うつ病の成因や病状の程度は患者さんごとに異なります。したがって、治療はいわゆるオーダーメイドで考案されねばなりませんが、基本的には次の4つ、すなわち負担の軽減や休養、薬による治療、環境調整、精神療法が適宜組み合わされる必要があります。今回はこの中で薬による治療についてふれてみたいと思います。

うつ病を患う多くの方に抗うつ剤などの薬が有効です。ところが服薬をお勧めしてもためらわれる方もおられます。いくつかの理由があるようです。たとえば副作用が怖いというのはその筆頭でしょう。もっともな理由です。しかし多くの場合、どのような副作用がどれくらいの頻度で現れ、その場合どう対処しうるのかということまでは、必ずしもよく知られていません。そこで副作用の内容や、もしそれらが現れた場合にはどう対処するかということを説明しご相談する中で、それまで漠然と膨らんでいた不安が整理され、納得されて服薬を始められることがほとんどです。こちらとしてもホッとします。それによって回復のスピードが大きく異なることが多いからです。

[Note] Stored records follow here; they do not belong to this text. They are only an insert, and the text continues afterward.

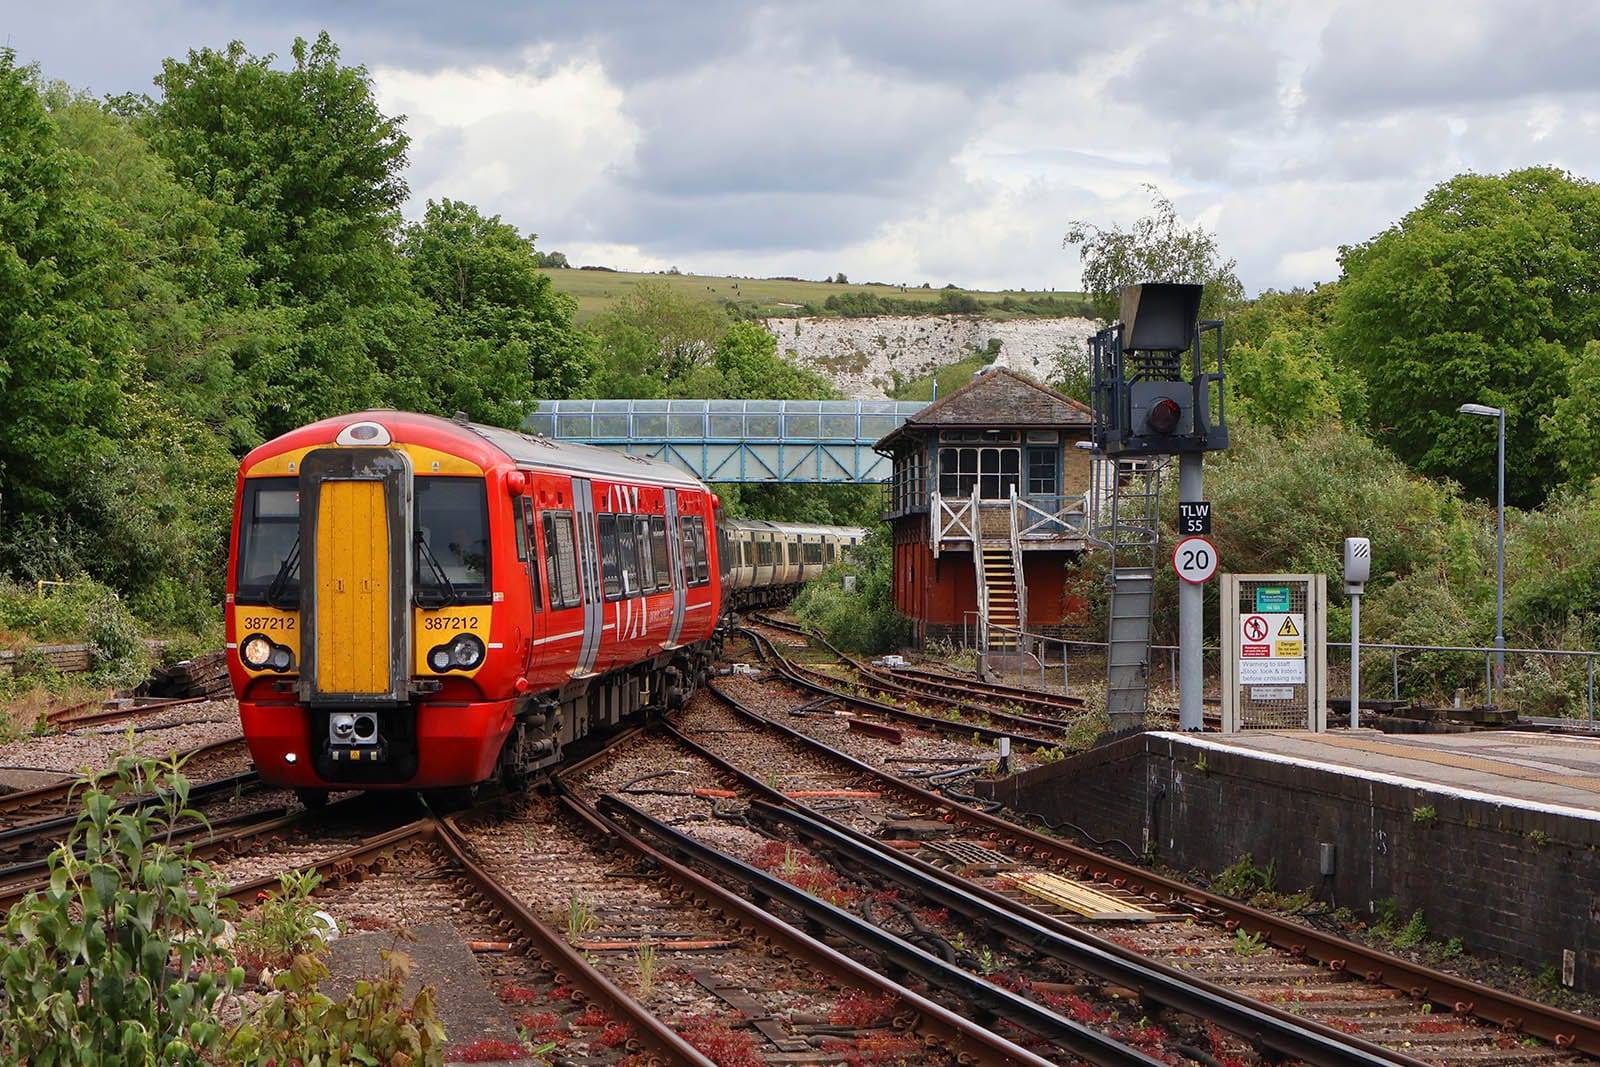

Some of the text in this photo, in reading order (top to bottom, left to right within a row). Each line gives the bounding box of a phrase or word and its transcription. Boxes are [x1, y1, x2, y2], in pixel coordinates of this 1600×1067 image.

[1180, 504, 1209, 517] TLW
[1187, 519, 1203, 532] 55
[1182, 550, 1209, 570] 20
[244, 617, 295, 630] 387212
[424, 616, 478, 630] 387212

一方「服薬を始めると一生止められないと聞いたから」とおっしゃる方も少なくありません。心情的にはそのご心配もよく分かるものです。しかしそこには誤解の潜んでいることがあります。つまり薬を飲み始めたことが「原因」で、一生止められないという「結果」になるという誤解です。そこには「飲み始めると依存してしまう」という不安が絡んでいるのですが、それはやはり誤解なのです。確かにうつ病の薬物療法は月単位、場合によっては年単位で継続する必要があります。しかしそれはこの病気が風邪や食中毒のような急性疾患ではなく、体質やおかれた環境、そしてその方の生き方や性格などを基盤とした慢性疾患ゆえのことなのです。

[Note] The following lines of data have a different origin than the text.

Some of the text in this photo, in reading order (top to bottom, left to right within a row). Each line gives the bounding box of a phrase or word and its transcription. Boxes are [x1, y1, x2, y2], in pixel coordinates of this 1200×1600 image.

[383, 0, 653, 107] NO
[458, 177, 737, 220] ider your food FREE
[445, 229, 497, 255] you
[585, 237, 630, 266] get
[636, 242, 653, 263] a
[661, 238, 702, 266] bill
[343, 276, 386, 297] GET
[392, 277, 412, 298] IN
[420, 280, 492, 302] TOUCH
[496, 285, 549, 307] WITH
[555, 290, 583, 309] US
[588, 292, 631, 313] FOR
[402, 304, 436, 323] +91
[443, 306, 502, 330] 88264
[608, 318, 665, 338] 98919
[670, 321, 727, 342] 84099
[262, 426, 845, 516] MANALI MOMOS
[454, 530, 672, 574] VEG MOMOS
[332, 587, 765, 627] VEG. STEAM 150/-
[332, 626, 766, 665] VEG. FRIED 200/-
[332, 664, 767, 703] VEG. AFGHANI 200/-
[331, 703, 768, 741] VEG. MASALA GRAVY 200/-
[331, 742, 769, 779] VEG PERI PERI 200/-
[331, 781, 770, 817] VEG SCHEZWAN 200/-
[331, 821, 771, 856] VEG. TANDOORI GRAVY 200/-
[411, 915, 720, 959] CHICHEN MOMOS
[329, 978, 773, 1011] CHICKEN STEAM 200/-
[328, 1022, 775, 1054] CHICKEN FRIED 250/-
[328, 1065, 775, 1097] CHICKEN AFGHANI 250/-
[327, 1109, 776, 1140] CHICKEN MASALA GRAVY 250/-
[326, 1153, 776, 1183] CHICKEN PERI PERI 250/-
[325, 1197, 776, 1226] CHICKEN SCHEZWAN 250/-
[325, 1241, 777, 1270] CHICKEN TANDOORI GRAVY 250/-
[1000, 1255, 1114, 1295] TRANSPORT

うつ病の薬物療法では、標準的にはできるだけ少量かつ少ない種類の薬で開始し、他の治療と組み合わせながら改善を図ります。そして病前の状態まで回復したら、そこから半年程度服薬を維持し、その後ぶりかえしのないことを確認しながら徐々に減薬を進めていきます。すっかり改善して治療を終えられる方も多いのですが、その方のうつ病の成因によっては、少量の服薬を継続する方がよりお元気に生活を送ることができる場合もあります。ただし、よくご説明し話し合った末に、それでも服薬したくないという方に対しては、特別な場合を除き、その意思を尊重することが医師としてのわきまえなのだと心得ています。